Man mag auch weiterhin der Meinung sein, die EZB werde auch in Zukunft weitgehend politisch unabhängig entscheiden. Aber dies war, wie wir gezeigt haben, weder in den vergangenen Jahren der Fall, noch wird dies weniger in den kommen Jahren der Fall sein, eher mehr. Der Einfluss der Politik auf die Notenbank ist nämlich kein solitärer Akt, sondern versteht sich aus der Verflechtung des politischen Wettbewerbs, die in den wechselseitigen Auswirkungen der Währungspolitik sichtbar wird. Diesen Wettbewerb haben wir beleuchtet und in vielen Facetten beschrieben. Nun muss eine Theorie der Politischen Ökonomie nicht mehr nur das Hauptaugenmerk darauf richten, welche direkten Auswirkungen etwa der Notenbankpolitik innerhalb vernetzter Strukturen auf Zinsen und Inflation hat. Gewiss hätten die Banken der GIPSIZ-Staaten außerhalb der Eurozone und ohne diese Notenbankpolitik der letzten Jahre nicht die gleichen Konditionen erhalten. Sie hätten auf den Kapitalmärkten so hohe Zinsen zahlen müssen, dass sie und die Staatshaushalte unter weniger günstigen Bedingungen nicht zu finanzieren bzw. zu refinanzieren gewesen wären. Ihr Hauptgläubiger bei diesem Deal, die EZB, hätten diese Banken im Falle marktwirtschaftlicher Bedingungen ein wesentlich geringeres Risiko, als das eingetretene zumuten müssen. Nur, dass das Risiko, dass die EZB durch die Bereitstellung maktunüblicher Konditionen eingegangen ist, ist ein sog. systemisches Risiko, welches in diesem Zusammenhang vor allem, neben anderen Risiken, eine Risikoübertragung auf die Bürger der Eurozone beinhaltet.
Als Hauptargument für die Übernahme höherer Risiken der GIPSIZ-Banken bemüht die EZB vor allem den Vorwurf, die Märkte seien schuld daran, dass sich die Bedingungen für Interbankenkredite für diese Staaten zu deren Ungunsten verschlechtert habe, so sehr, dass die EZB nun ihrerseits jene Bedingungen herstellen müsse, die marktkonforme Gültigkeit hätten. Dies glaubt ihr niemand und die EZB sich selbst wohl auch keine Sekunde. Märkte, im Übrigen, können sich nicht irren. Märkte sind, was sie sind und vor allem keine Humanoiden, keine menschenähnlichen Organismen mit einer gemeinsamen Motivation. Ein Markt ist ein Begriff, also eine hoch-abstrakte Form der Betrachtung eines Phänomens, hier von millionenfachen Verhaltensweisen in wirtschaftlicher Absicht1, die alle individuellen Motivationen folgen, auch solchen, die nicht immer und ganz dem wirtschaftlichen Postulat in Reinheit entsprechen und zum Teil auch miteinander in der ein oder anderen Art ähnlich sein können. Begriffe können sich nicht irren, sondern die darin abstrahierten Betrachtungsweisen können falsch sein. Deshalb ist es auch falsch, vom Irrtum eines Marktes zu sprechen oder gar damit argumentieren zu wollen.
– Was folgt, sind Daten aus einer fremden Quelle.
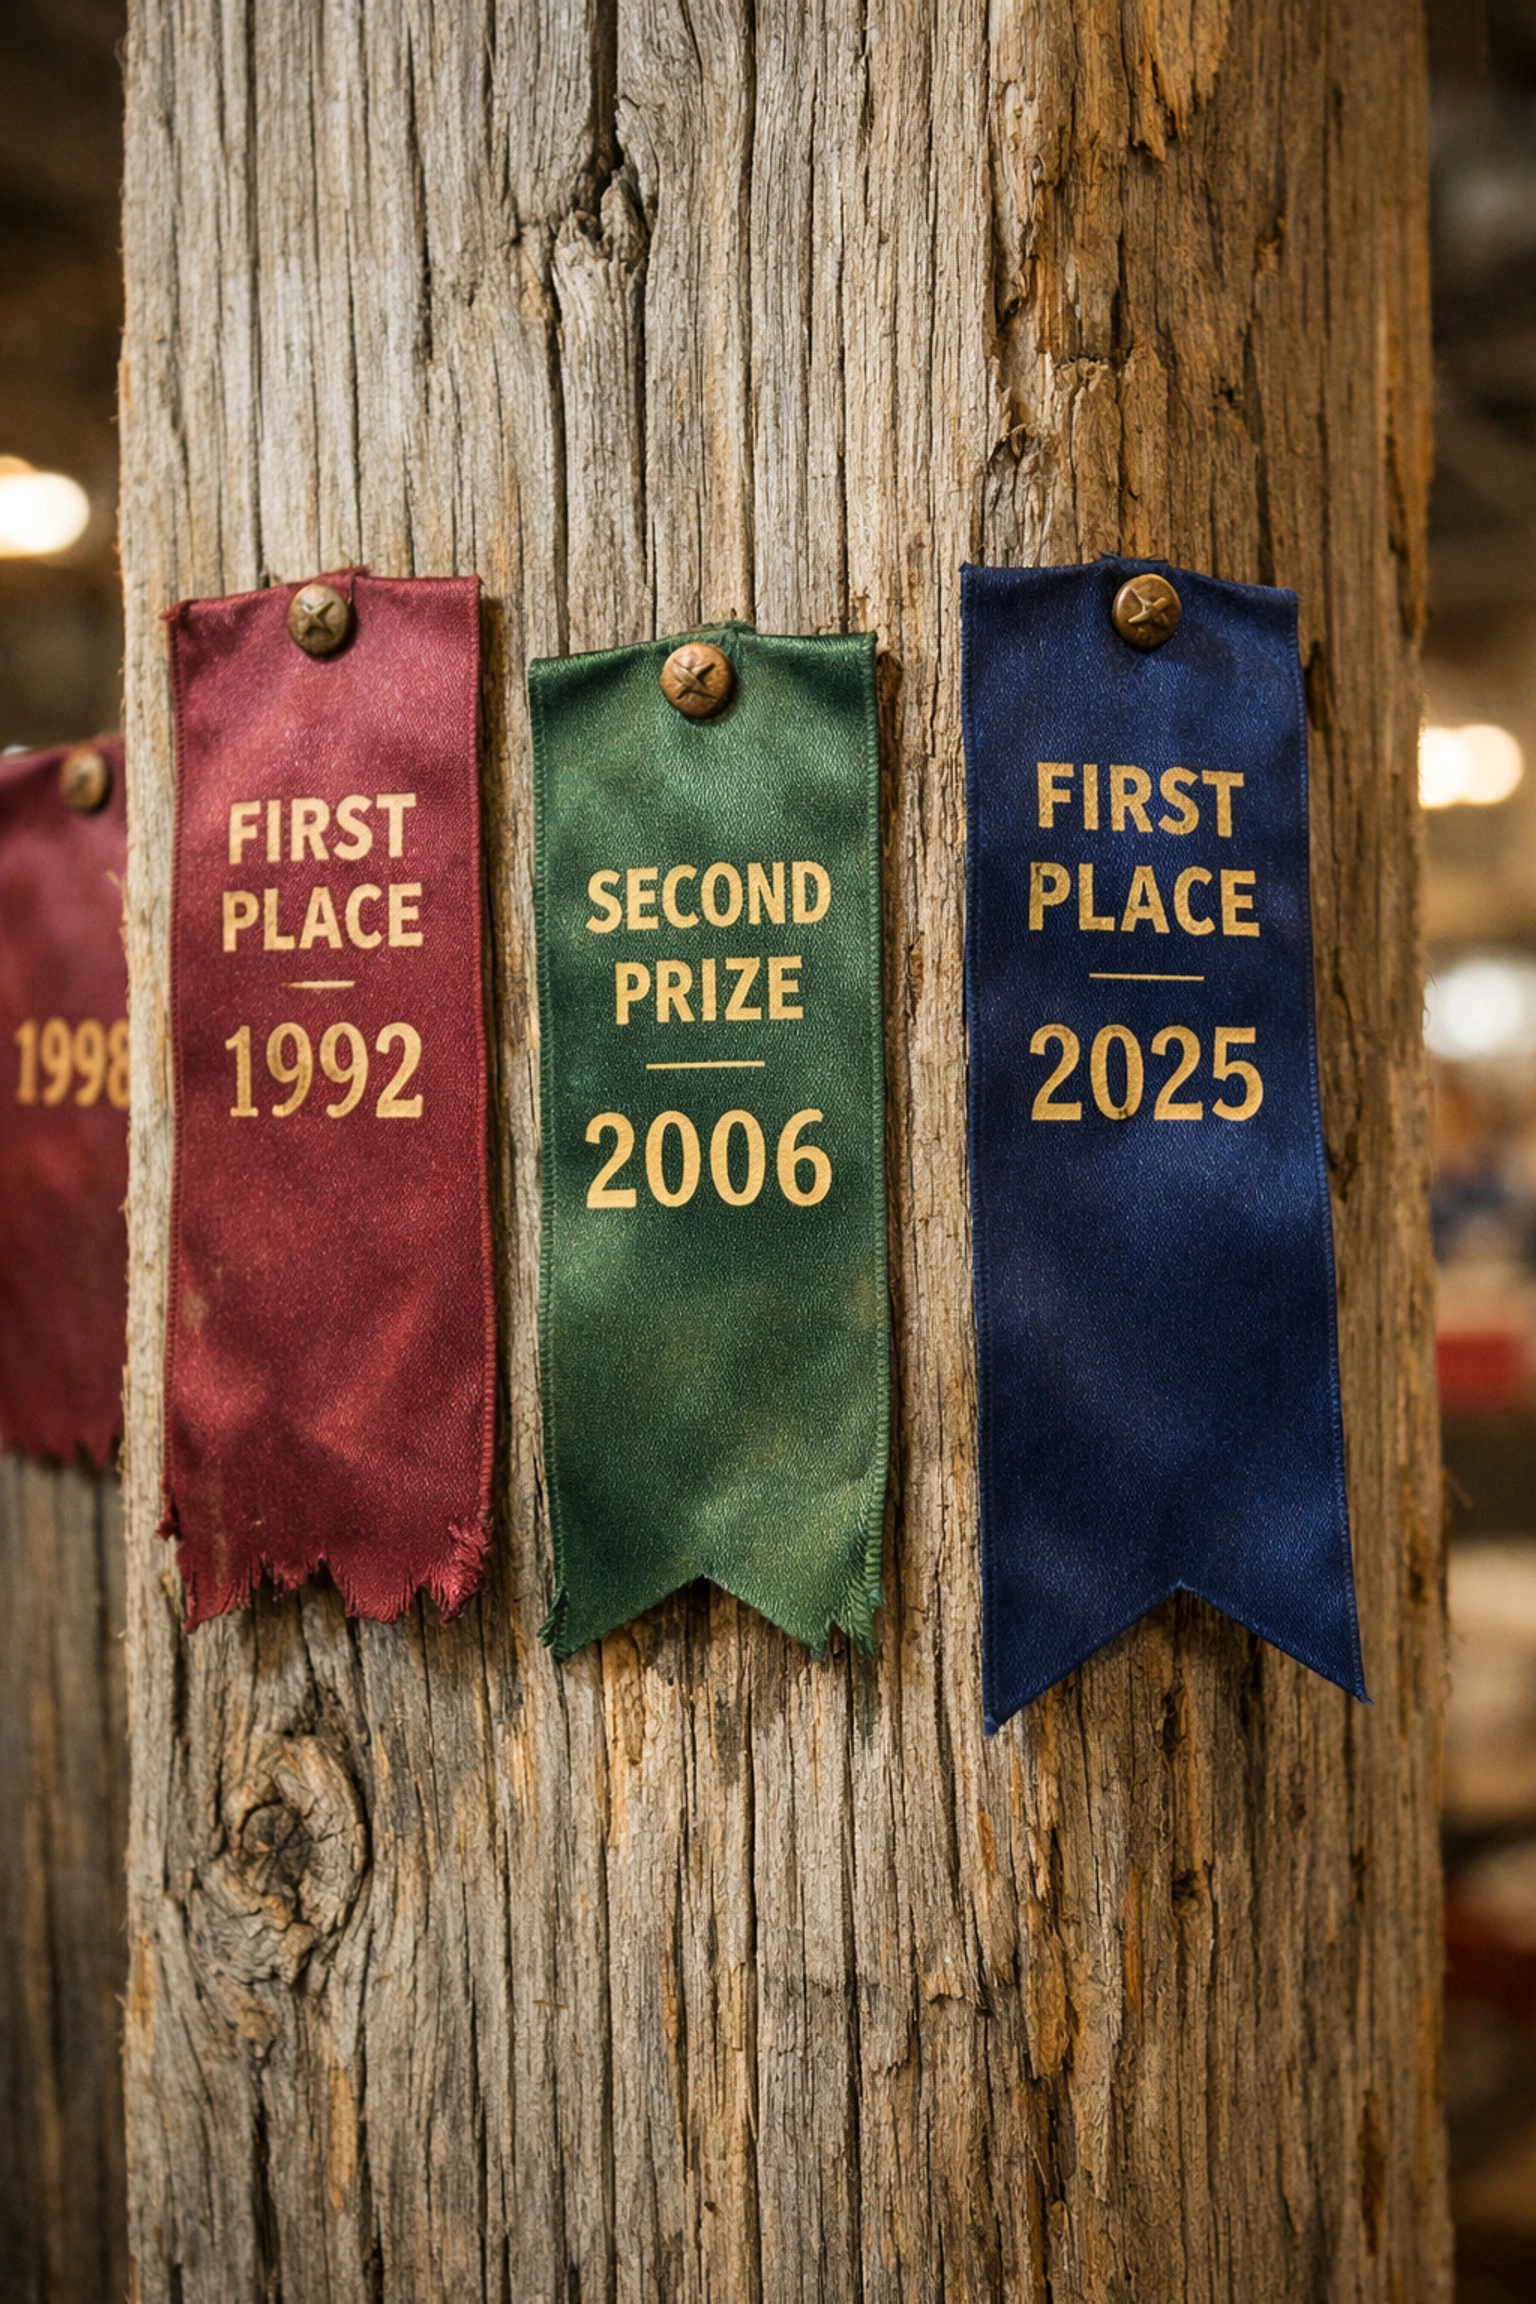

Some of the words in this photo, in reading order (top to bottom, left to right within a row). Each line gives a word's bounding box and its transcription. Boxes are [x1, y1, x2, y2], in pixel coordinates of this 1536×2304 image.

[229, 793, 416, 864] FIRST
[1038, 763, 1243, 837] FIRST
[223, 882, 423, 951] PLACE
[586, 861, 831, 934] SECOND
[1030, 863, 1259, 936] PLACE
[616, 956, 803, 1025] PRIZE
[226, 1022, 423, 1118] 1992
[1030, 1025, 1263, 1121] 2025
[586, 1109, 831, 1209] 2006
Aber warum bemüht die EZB sich so leichtfertig in eine Argumentationsfalle? Zwei Gesichtspunkte sollten dabei beachtet werden. Der erste betrifft den Machtfaktor der Geldpolitik, der zweite dessen politischen Effekt. Der Machtfaktor der Geldpolitik liegt in der Vorstellung, die Kapitalströme auf den Kapitalmärkten effektiv lenken zu können. Bevor man sich mit dieser Frage beschäftigt, muss man aber festhalten, dass die Vorstellung einer Kapitallenkung selbst, also an sich schon mit der Vorstellung einer Marktwirtschaft grundsätzlich nicht kompatibel ist. Marktwirtschaft heißt ja gerade das Gegenteil davon, dass nämlich die Kapitalströme und damit auch die Verteilung der Produktion, sowohl der Faktoren, der Größe wie des Standortes nach, allein den auf den Märkten bestehenden wirtschaftlichen Kalkülen folgt wie den Vorstellungen von Wirtschaftlichkeit auf den Feldern der neuen Märkte, also den dort bestehenden Bedingungen wie etwa Bildung, Lohnniveau, materielle und technologische Ressourcen, Infrastruktur etc.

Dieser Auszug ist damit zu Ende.